Сначала Юрию было не плохо, только затекли связанные руки. Но степное солнце поднималось все выше – жаркое, пылающее, беспощадное. Он хотел пить. Голова отказывалась работать. Всё тело покрылось потом, который лился ручьем со лба, жёг глаза, наполнял солёной водой рот. Через несколько часов, он начал бредить: ярко увидел Катарину дома, в их спальне. Она сидела на кровати и плакала. Он опустился рядом, обнимая содрогающиеся бессильно опущенные плечи:
– Не плач, я не хочу, чтобы ты плакала. Никогда.
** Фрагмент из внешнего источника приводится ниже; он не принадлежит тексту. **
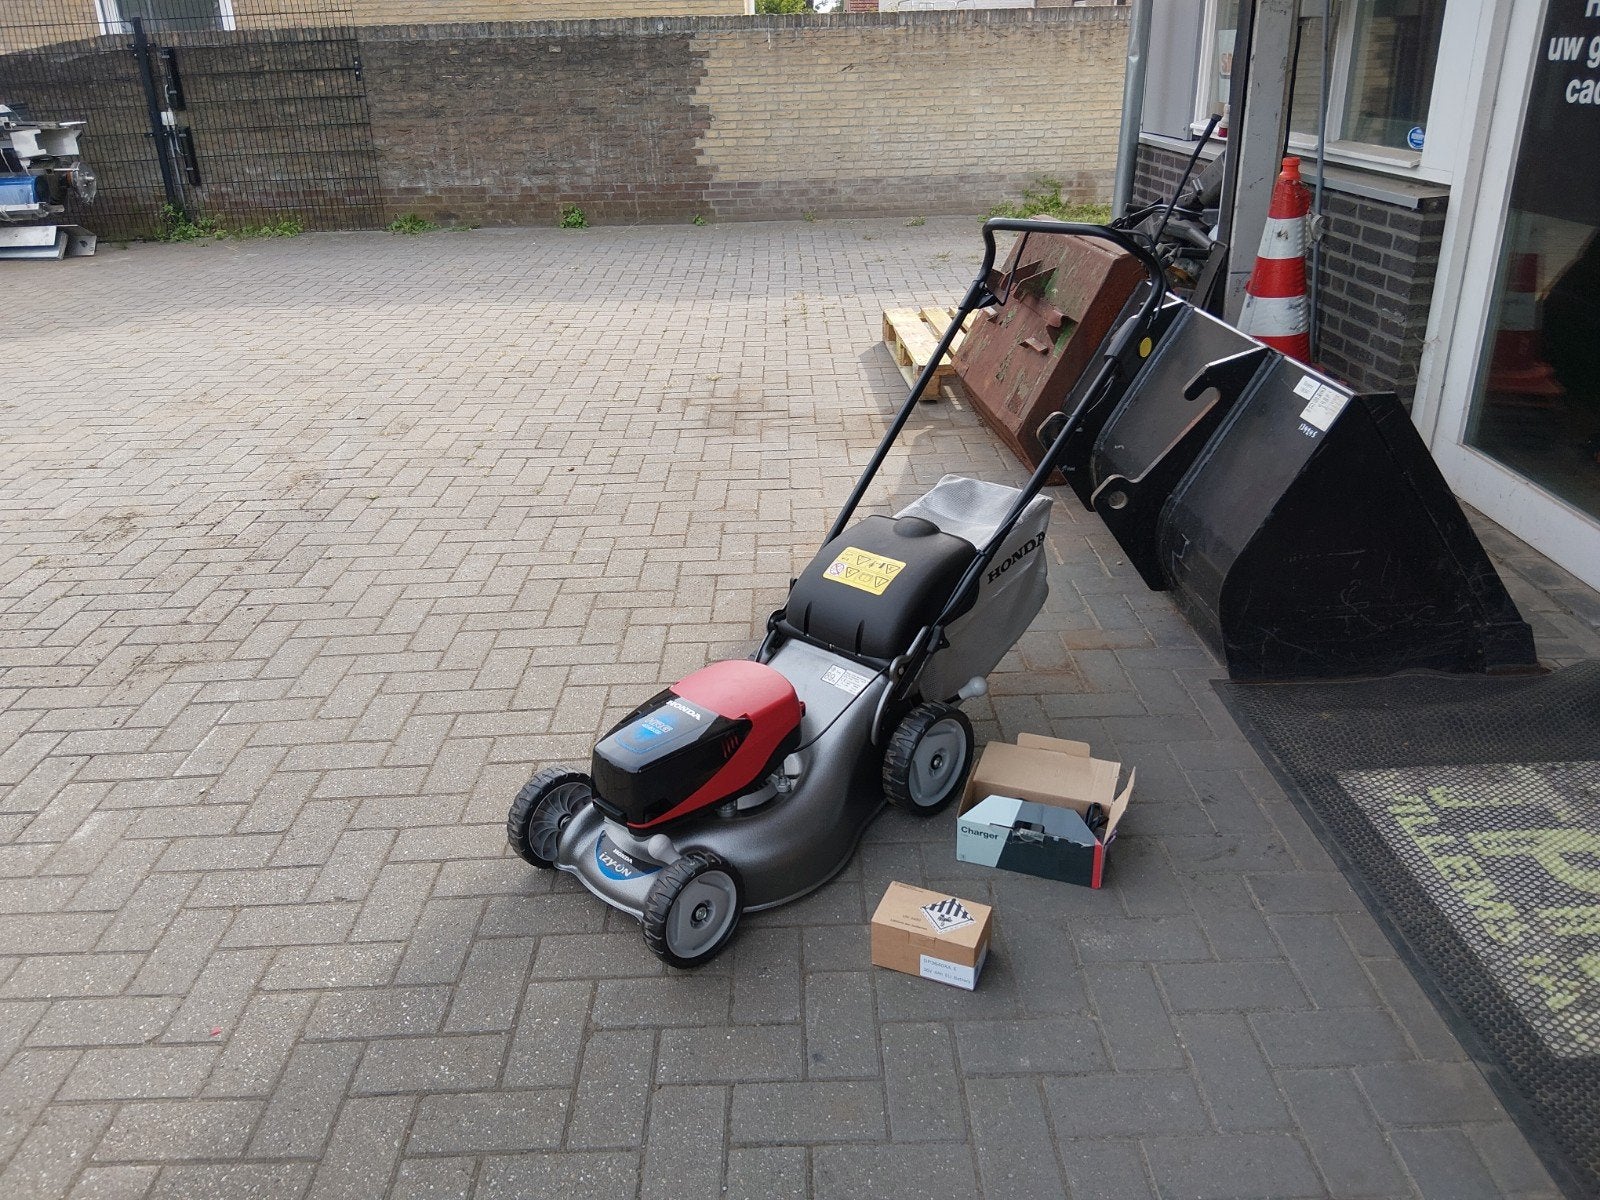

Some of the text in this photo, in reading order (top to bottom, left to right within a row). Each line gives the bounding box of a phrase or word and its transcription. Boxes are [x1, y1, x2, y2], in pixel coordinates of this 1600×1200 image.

[1548, 37, 1585, 61] uw
[986, 531, 1046, 585] HONDA
[666, 700, 701, 721] HONDA
[960, 825, 999, 839] Charger
[612, 848, 633, 864] HONDA
– Любимый, я не поцеловала тебя на прощанье.
– Ничего, поцелуешь при встрече!
– Я так люблю тебя! – сказали они одновременно, и после этого Юрий уже ничего не помнил. Его облили холодной водой, и он пришел в сознание. Дали пить. Потом пытка солнцем продолжалась.
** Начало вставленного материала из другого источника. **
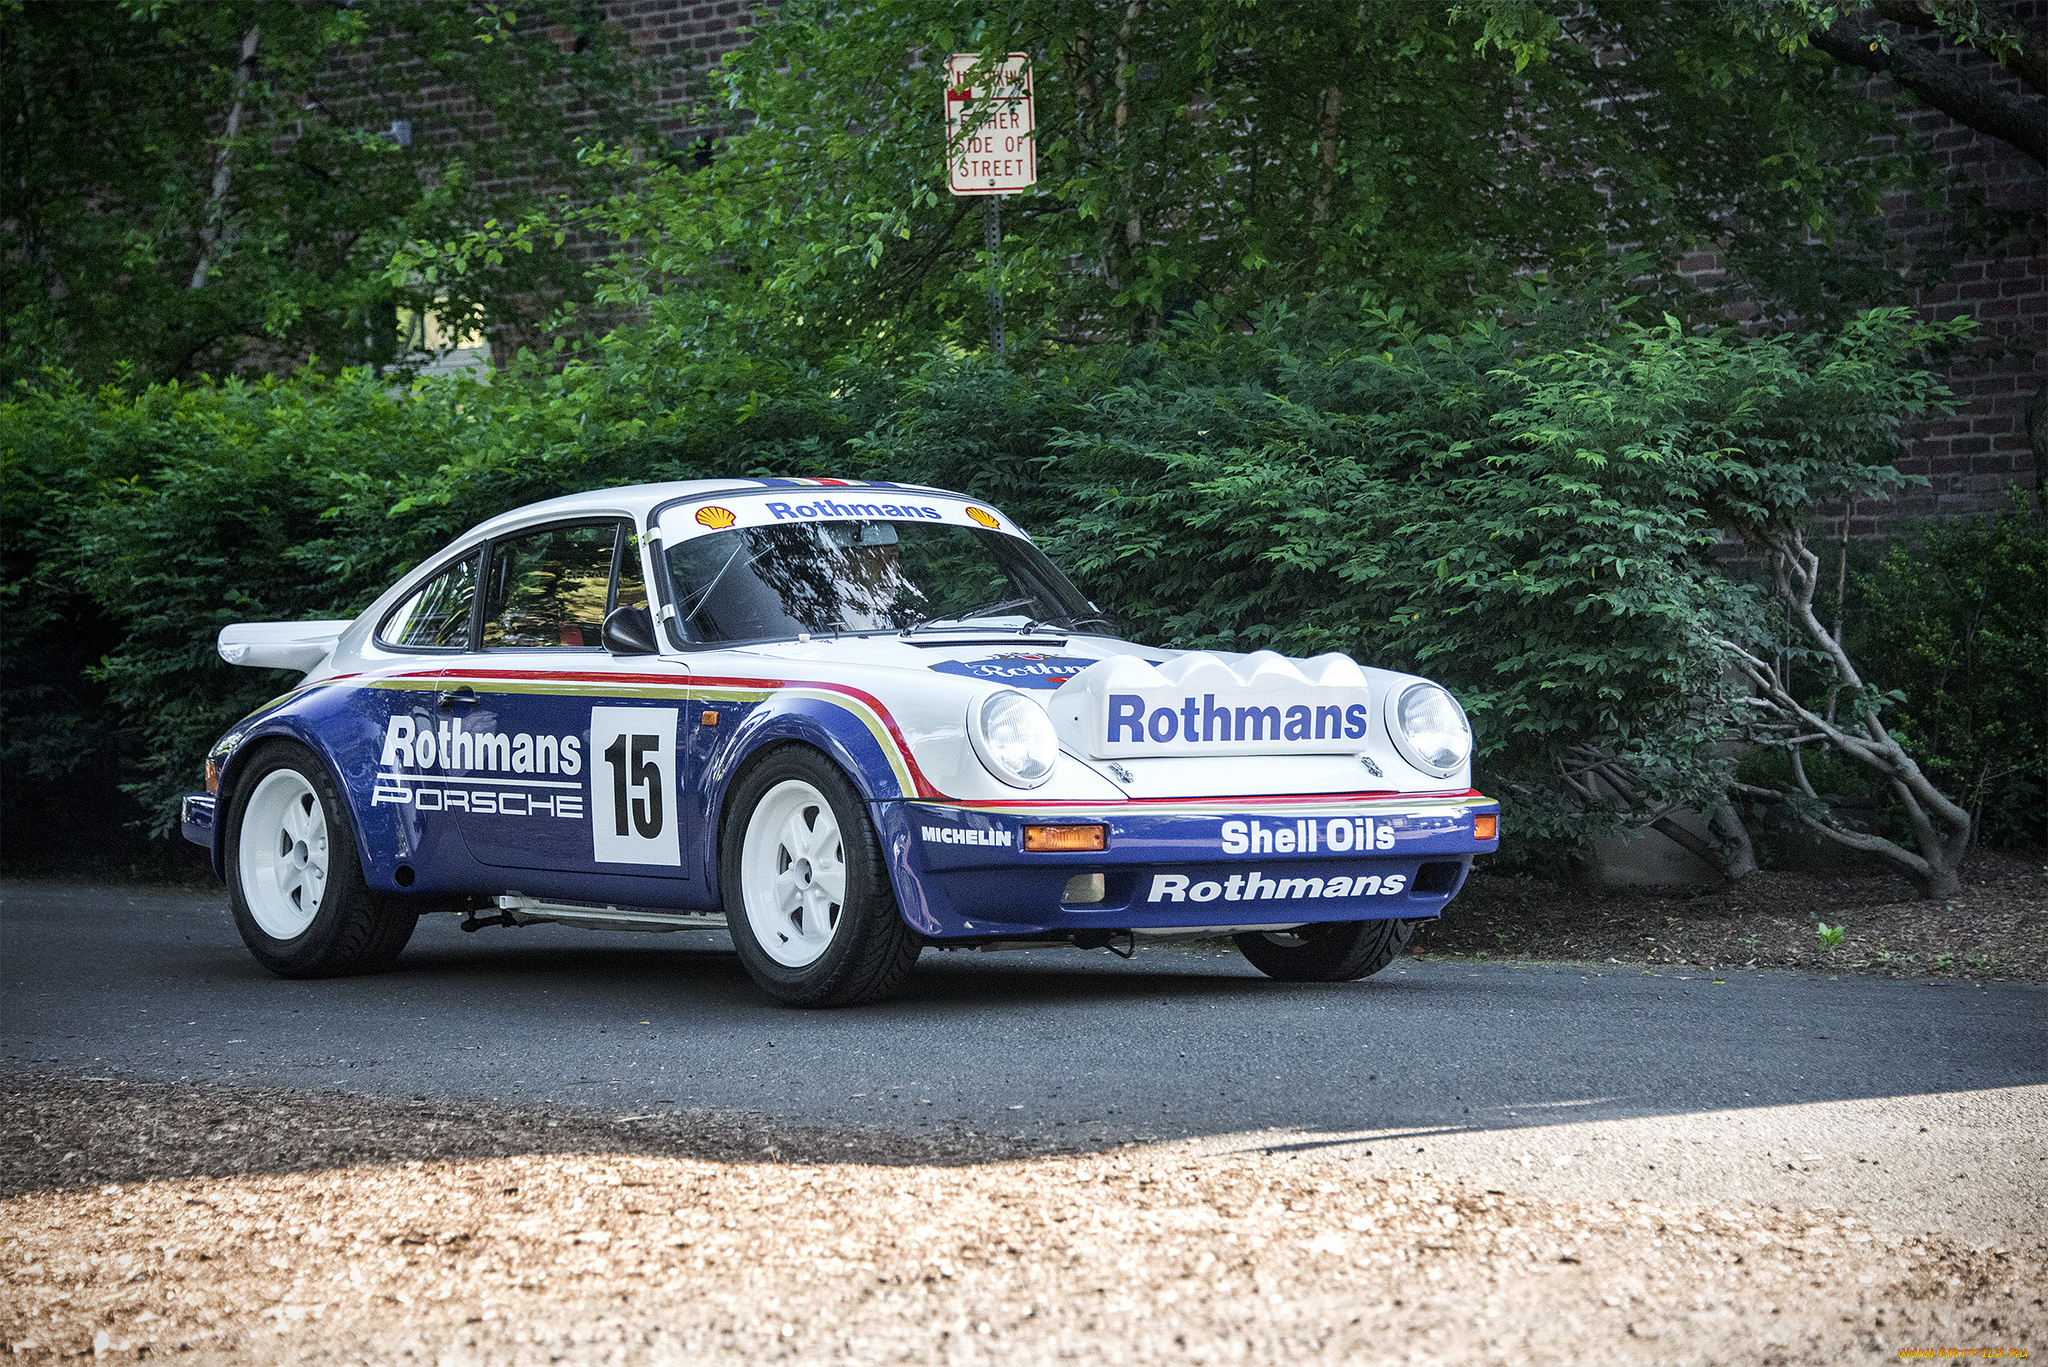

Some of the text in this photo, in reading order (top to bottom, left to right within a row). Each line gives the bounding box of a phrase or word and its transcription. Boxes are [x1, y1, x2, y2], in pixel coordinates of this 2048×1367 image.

[960, 113, 1020, 130] EHER
[1005, 136, 1024, 153] OF
[960, 159, 1024, 178] STREET
[765, 500, 942, 520] Rothmans
[1107, 694, 1367, 743] Rothmans
[380, 715, 582, 776] Rothmans
[604, 733, 664, 840] 15
[371, 786, 584, 819] PORSCHE
[921, 826, 1011, 846] MICHELIN
[1221, 817, 1396, 854] Shell Oils
[1147, 872, 1407, 903] Rothmans
Вечером его отвязали от столба. Юрий надеялся, что сможет отойти и отоспаться в ночной прохладе. Но его втолкнули, связанного, в юрту какого-то начальника: пол застлан мягким ковром, кровать покрыта подушками, низкие диваны по стенам. С него содрали остатки одежды и оставили одного. Он с трудом поднялся на ноги и еле удержавшись, чтобы не упасть, прислонился к стене. В юрту вошел Белецкий и оглядел его холодным жёстким взглядом. Юрий молчал, пытаясь выпутаться из веревок. Белецкий заговорил первый, насмешливо, издеваясь:
– Говорят, будто ты девкам нравишься. И богатство, и панство свое, под юбками паны Катарины нашёл. Знаешь мол, как её ублажить, – и не слыша ответа, продолжил: – Хочу я посмотреть, как ты сам за девку сойдешь.
Теперь Белецкий рассматривал Юрия оценивающе, откровенно, скабрезно улыбаясь. Юрий рванулся, пытаясь разорвать веревки, да так, что мышцы напряглись до предела – раз, другой – на лбу выступил пот.
– Да ты не сопротивляйся, оно легче будет. Вон, сынок твой, совсем не сопротивлялся. Смазливый мальчик, молоденький ещё, сладкий. Я думаю, ему понравилось.
– Ты, собака, сына моего тронул!
Юрий еще раз напрягся со всей силы. Ему показалось, что Белецкий возбуждается, видя его гнев и его боль. Остановившись, Юрий оскалил зубы и сказал просто:
– Я убью тебя.
– Может быть, только после…
Белецкий приближался к нему с похотливой усмешкой, развязывая пояс, стягивая штаны, обнажаясь. Он был так близко, что ещё миг, и они соприкоснуться… Внезапно руки Юрия сомкнулись на шее перебежчика и начали сжимать её, как в тисках. Изменник защищался, и они повалились на пол. Белецкий пинался, дрыгал ногами, судорожно пытался разжать руки на шее, но Юрий всё продолжал сжимать, и противник начал ослабевать, теряя сознание. В эту минуту в юрту кто-то вошёл, прозвучал приказ по-турецки, и три янычара с трудом оттащили Юрия от еле дышавшего Белецкого, на шее которого проступили красные пятна. Придавленный к ковру, Юрий поднял голову и узнал Ахмед-пашу. Паша велел Белецкому выйти, а потом уже заговорил с Юрием:
– Что тут с Белецким было, то не мое дело.
– Я убью его.
– Тебе может представиться такая возможность.
– Ты меня отпускаешь?
– Гетман Замойский предложил за тебя много пленных, и я согласился.
– Когда?
– Мы сделаем обмен утром.
Всю ночь Юрий не мог заснуть. Неужто правду сказал ему Белецкий? Лукас, его мальчик! Злоба не давала дышать. А вдруг наврал, подлец! Как он сможет сына спросить? Никогда не сможет. Но он убьет Белецкого. Это он знал точно».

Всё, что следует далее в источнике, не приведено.